Phrase grounding data:

*****

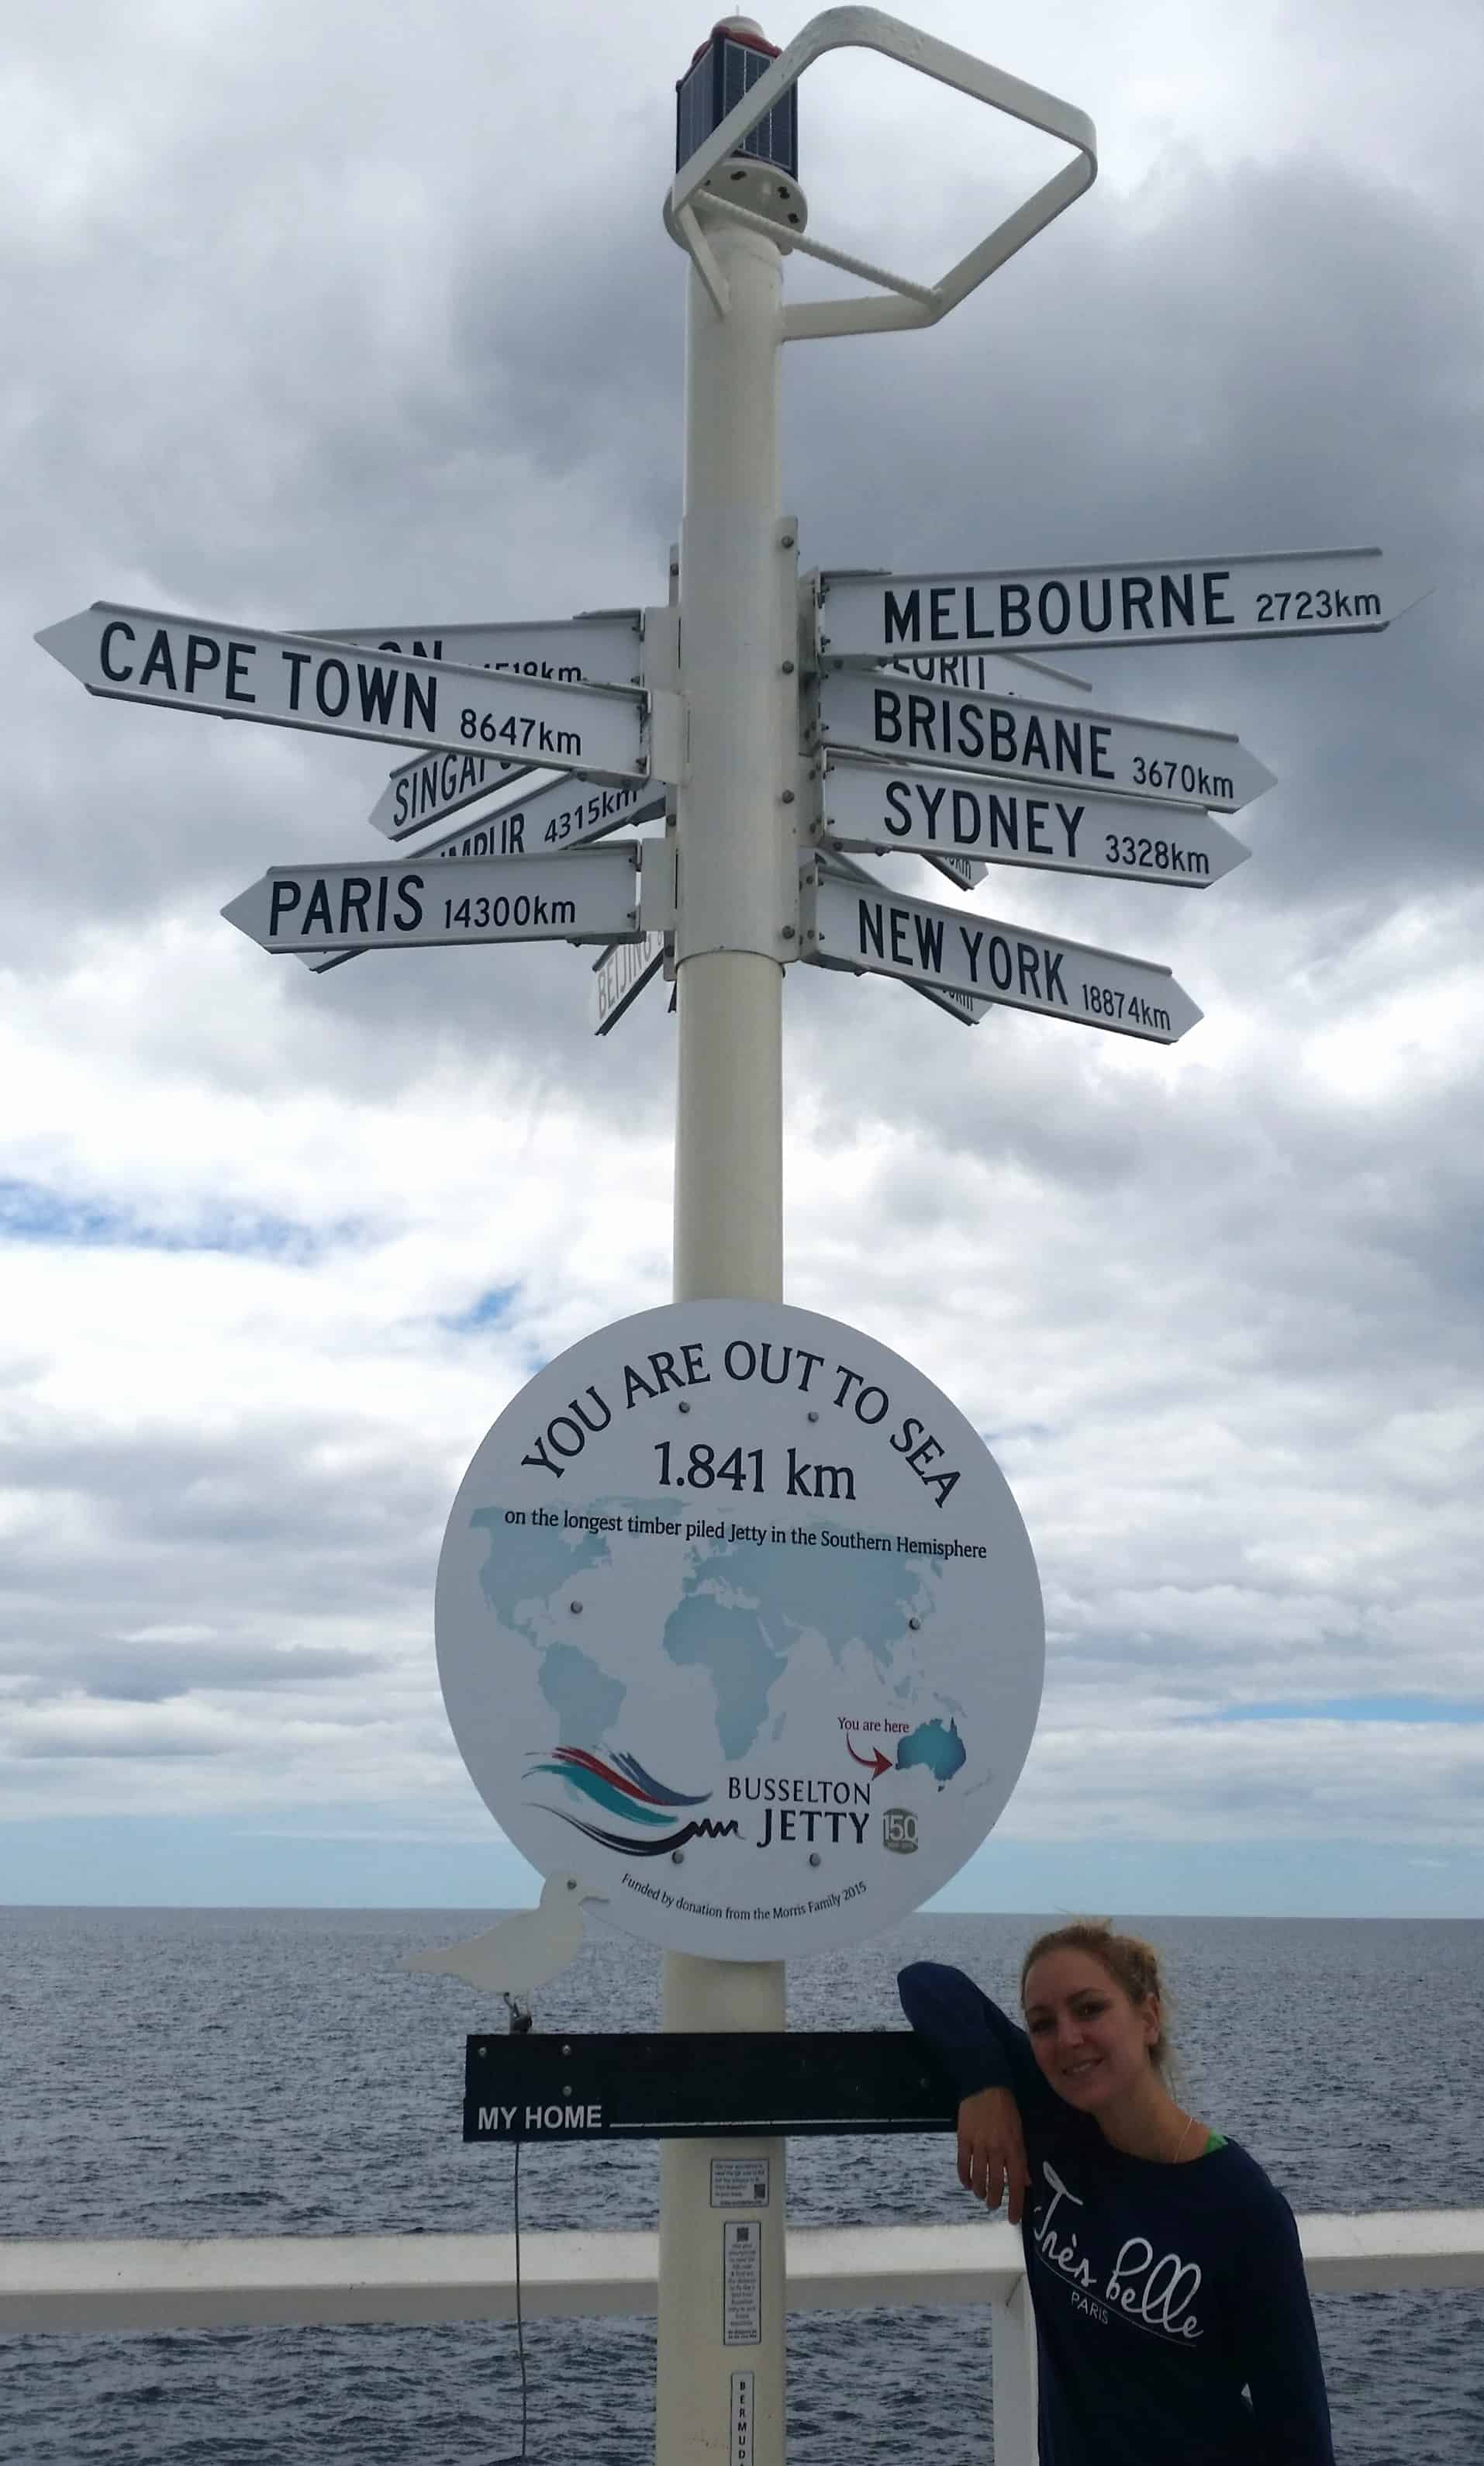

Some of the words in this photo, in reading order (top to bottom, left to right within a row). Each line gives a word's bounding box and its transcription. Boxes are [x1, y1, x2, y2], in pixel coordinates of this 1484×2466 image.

[884, 572, 1235, 644] MELBOURNE
[1255, 592, 1381, 622] 2723km
[99, 621, 257, 701] CAPE
[281, 651, 437, 733] TOWN
[459, 710, 582, 756] 8647km
[873, 689, 1115, 779] BRISBANE
[1132, 758, 1234, 800] 3670km
[884, 781, 1085, 858] SYDNEY
[1105, 836, 1210, 874] 3328km
[269, 874, 425, 935] PARIS
[443, 897, 576, 928] 14300km
[858, 900, 944, 973] NEW
[958, 927, 1069, 1005] YORK
[1082, 984, 1171, 1031] 18874km
[521, 1387, 611, 1477] YOU
[623, 1343, 710, 1408] ARE
[724, 1340, 824, 1391] OUT
[833, 1366, 889, 1425] TO
[889, 1418, 961, 1508] SEA
[654, 1441, 765, 1492] 1.841
[786, 1449, 855, 1500] km
[505, 1510, 526, 1525] on
[531, 1508, 558, 1526] the
[563, 1509, 622, 1533] longest
[627, 1513, 682, 1536] timber
[685, 1519, 725, 1541] piled
[728, 1522, 767, 1546] Jetty
[771, 1525, 786, 1543] in
[791, 1528, 817, 1546] the
[821, 1530, 892, 1551] Southern
[896, 1536, 987, 1561] Hemisphere
[837, 1717, 860, 1731] You
[863, 1721, 881, 1732] are
[884, 1719, 909, 1733] here
[728, 1777, 871, 1805] BUSSELTON
[758, 1808, 869, 1847] JETTY
[882, 1815, 918, 1842] 150
[622, 1873, 658, 1900] Funded
[660, 1894, 675, 1908] by
[675, 1898, 722, 1919] donation
[726, 1908, 751, 1920] from
[753, 1907, 770, 1919] the
[773, 1902, 806, 1919] Morris
[807, 1893, 840, 1915] Family
[843, 1881, 868, 1901] 2015
[478, 2106, 517, 2130] MY
[525, 2105, 602, 2129] HOME
[1034, 2160, 1097, 2286] Très
[1106, 2237, 1204, 2339] belle
[1071, 2292, 1110, 2326] PARIS
[737, 2381, 747, 2466] BERMUD
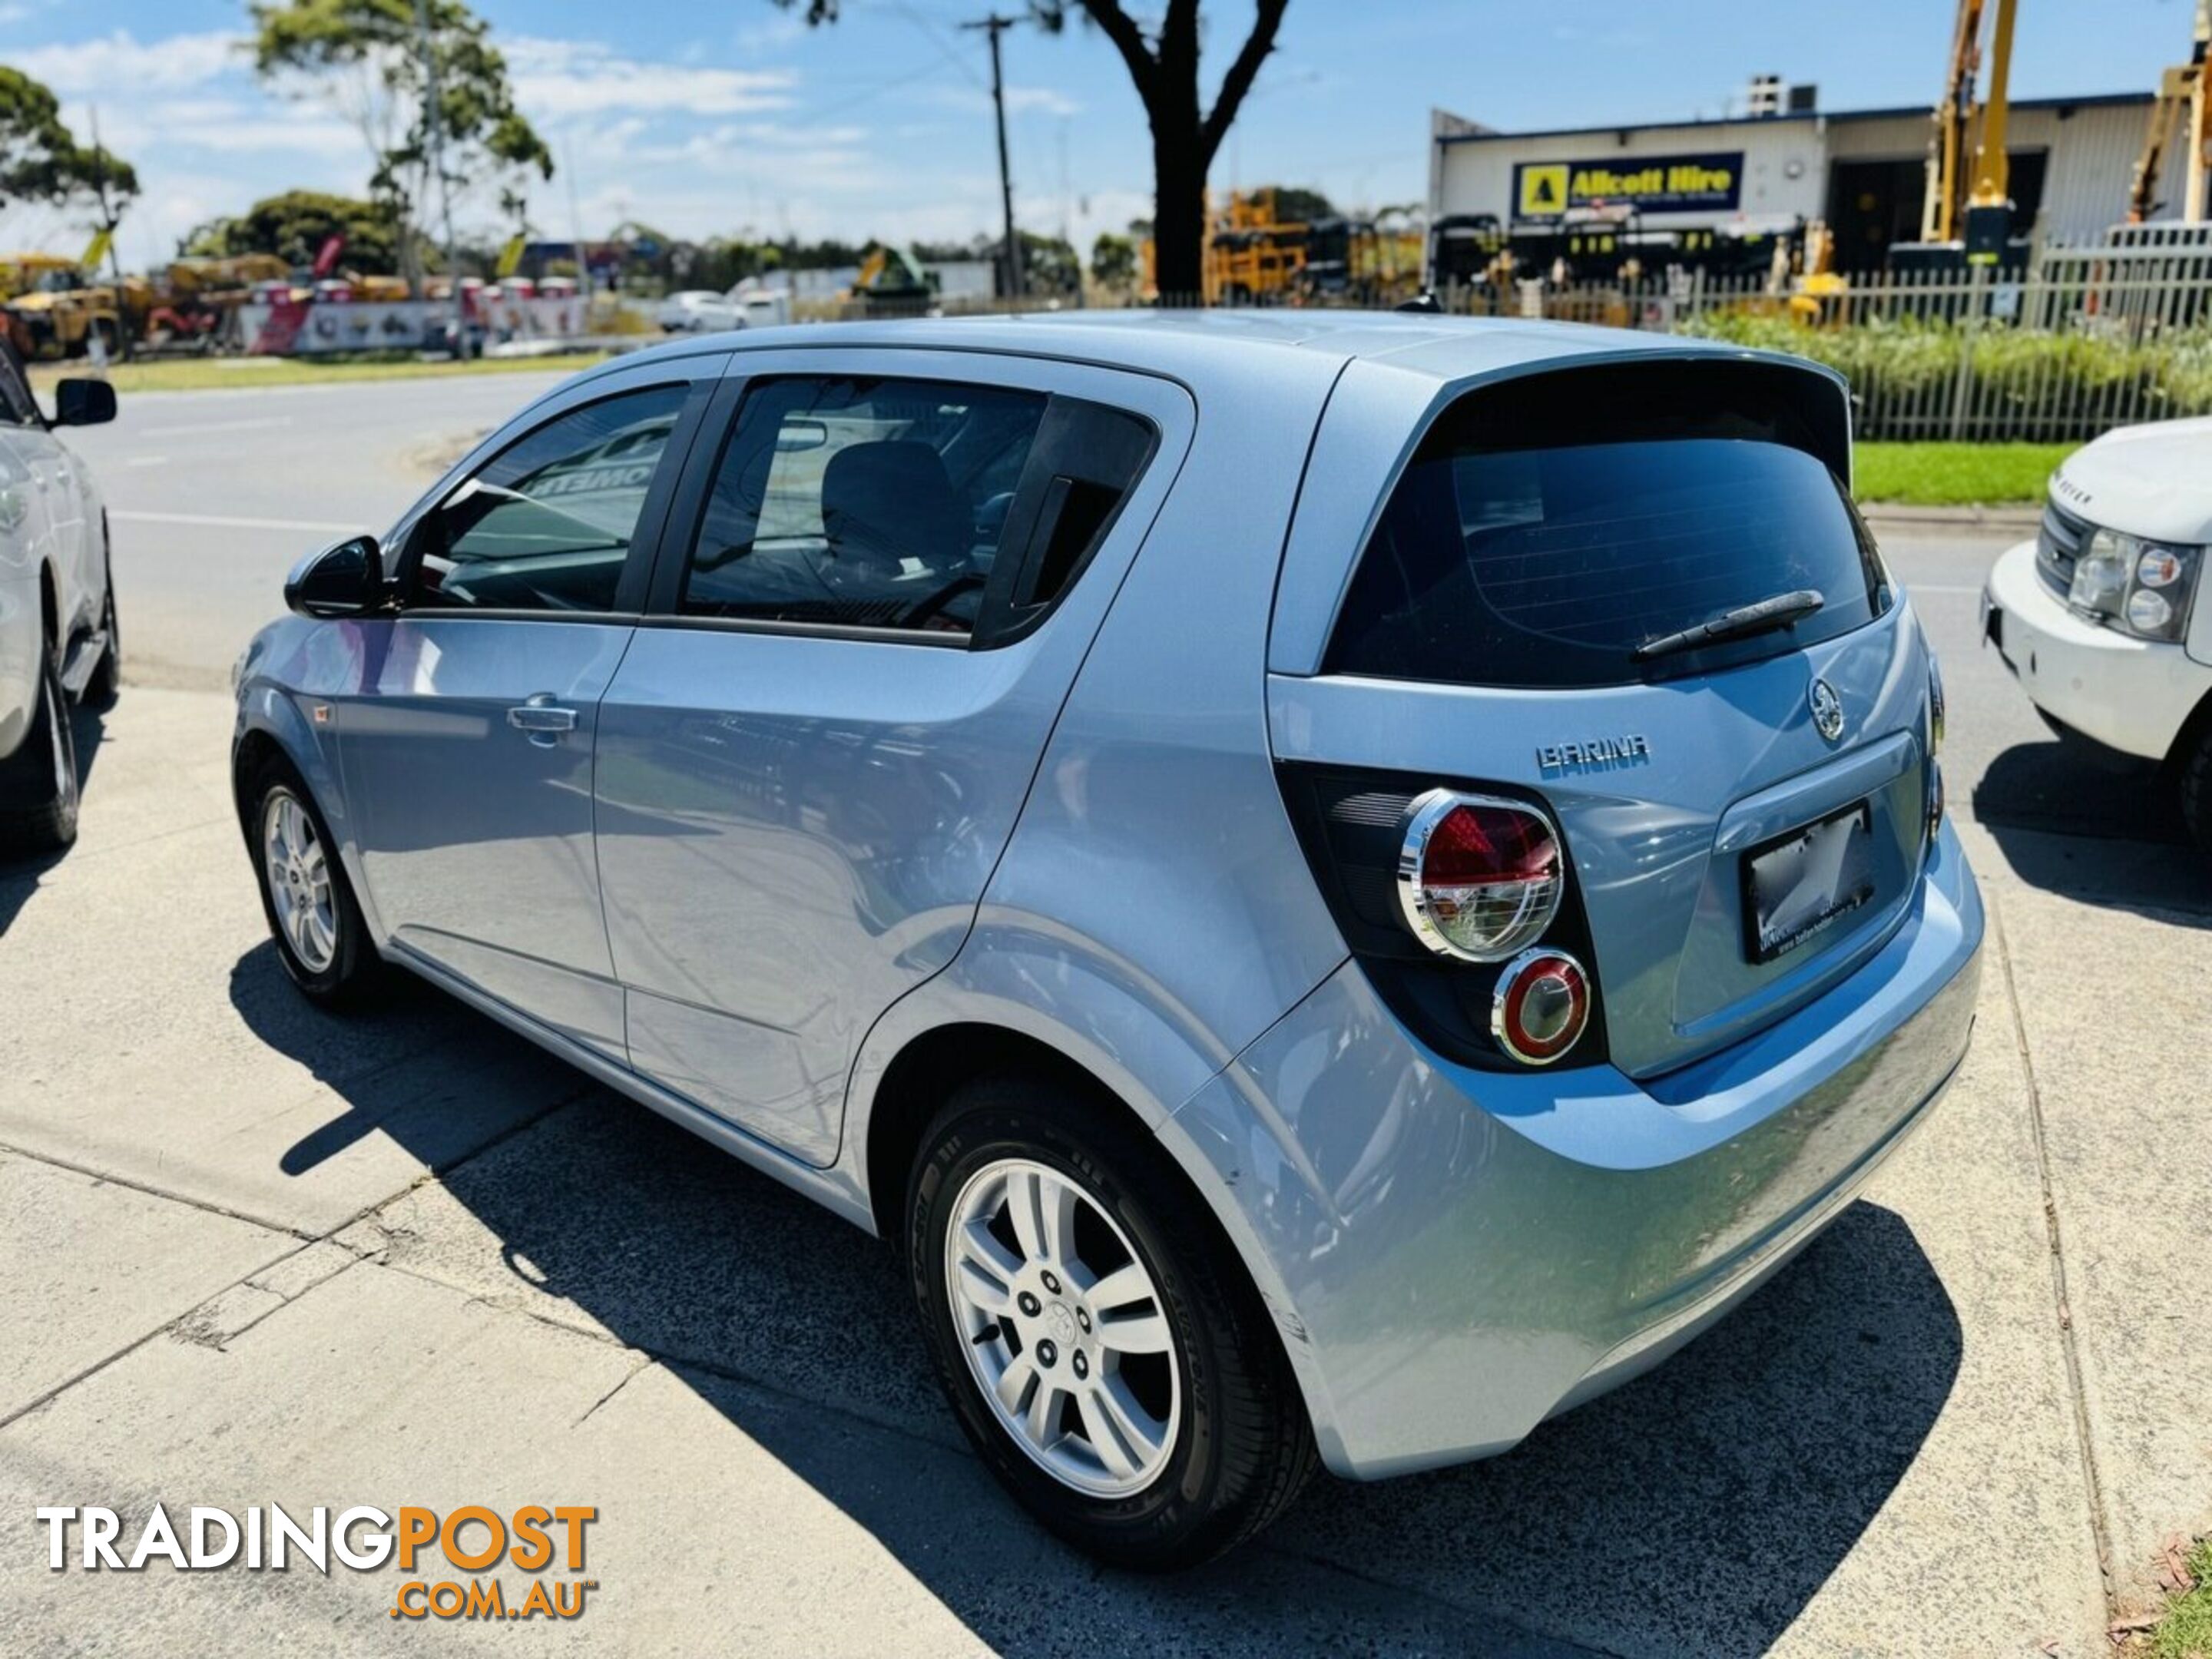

*****

(What you should do) Retype each of the entries above exactly as it appears, with no pictures.

(Problem solution)
Some of the words in this photo, in reading order (top to bottom, left to right within a row). Each line gives a word's bounding box and its transcription. Boxes are [x1, y1, x2, y2], in pixel coordinates of this 1484×2466 image.

[884, 572, 1235, 644] MELBOURNE
[1255, 592, 1381, 622] 2723km
[99, 621, 257, 701] CAPE
[281, 651, 437, 733] TOWN
[459, 710, 582, 756] 8647km
[873, 689, 1115, 779] BRISBANE
[1132, 758, 1234, 800] 3670km
[884, 781, 1085, 858] SYDNEY
[1105, 836, 1210, 874] 3328km
[269, 874, 425, 935] PARIS
[443, 897, 576, 928] 14300km
[858, 900, 944, 973] NEW
[958, 927, 1069, 1005] YORK
[1082, 984, 1171, 1031] 18874km
[521, 1387, 611, 1477] YOU
[623, 1343, 710, 1408] ARE
[724, 1340, 824, 1391] OUT
[833, 1366, 889, 1425] TO
[889, 1418, 961, 1508] SEA
[654, 1441, 765, 1492] 1.841
[786, 1449, 855, 1500] km
[505, 1510, 526, 1525] on
[531, 1508, 558, 1526] the
[563, 1509, 622, 1533] longest
[627, 1513, 682, 1536] timber
[685, 1519, 725, 1541] piled
[728, 1522, 767, 1546] Jetty
[771, 1525, 786, 1543] in
[791, 1528, 817, 1546] the
[821, 1530, 892, 1551] Southern
[896, 1536, 987, 1561] Hemisphere
[837, 1717, 860, 1731] You
[863, 1721, 881, 1732] are
[884, 1719, 909, 1733] here
[728, 1777, 871, 1805] BUSSELTON
[758, 1808, 869, 1847] JETTY
[882, 1815, 918, 1842] 150
[622, 1873, 658, 1900] Funded
[660, 1894, 675, 1908] by
[675, 1898, 722, 1919] donation
[726, 1908, 751, 1920] from
[753, 1907, 770, 1919] the
[773, 1902, 806, 1919] Morris
[807, 1893, 840, 1915] Family
[843, 1881, 868, 1901] 2015
[478, 2106, 517, 2130] MY
[525, 2105, 602, 2129] HOME
[1034, 2160, 1097, 2286] Très
[1106, 2237, 1204, 2339] belle
[1071, 2292, 1110, 2326] PARIS
[737, 2381, 747, 2466] BERMUD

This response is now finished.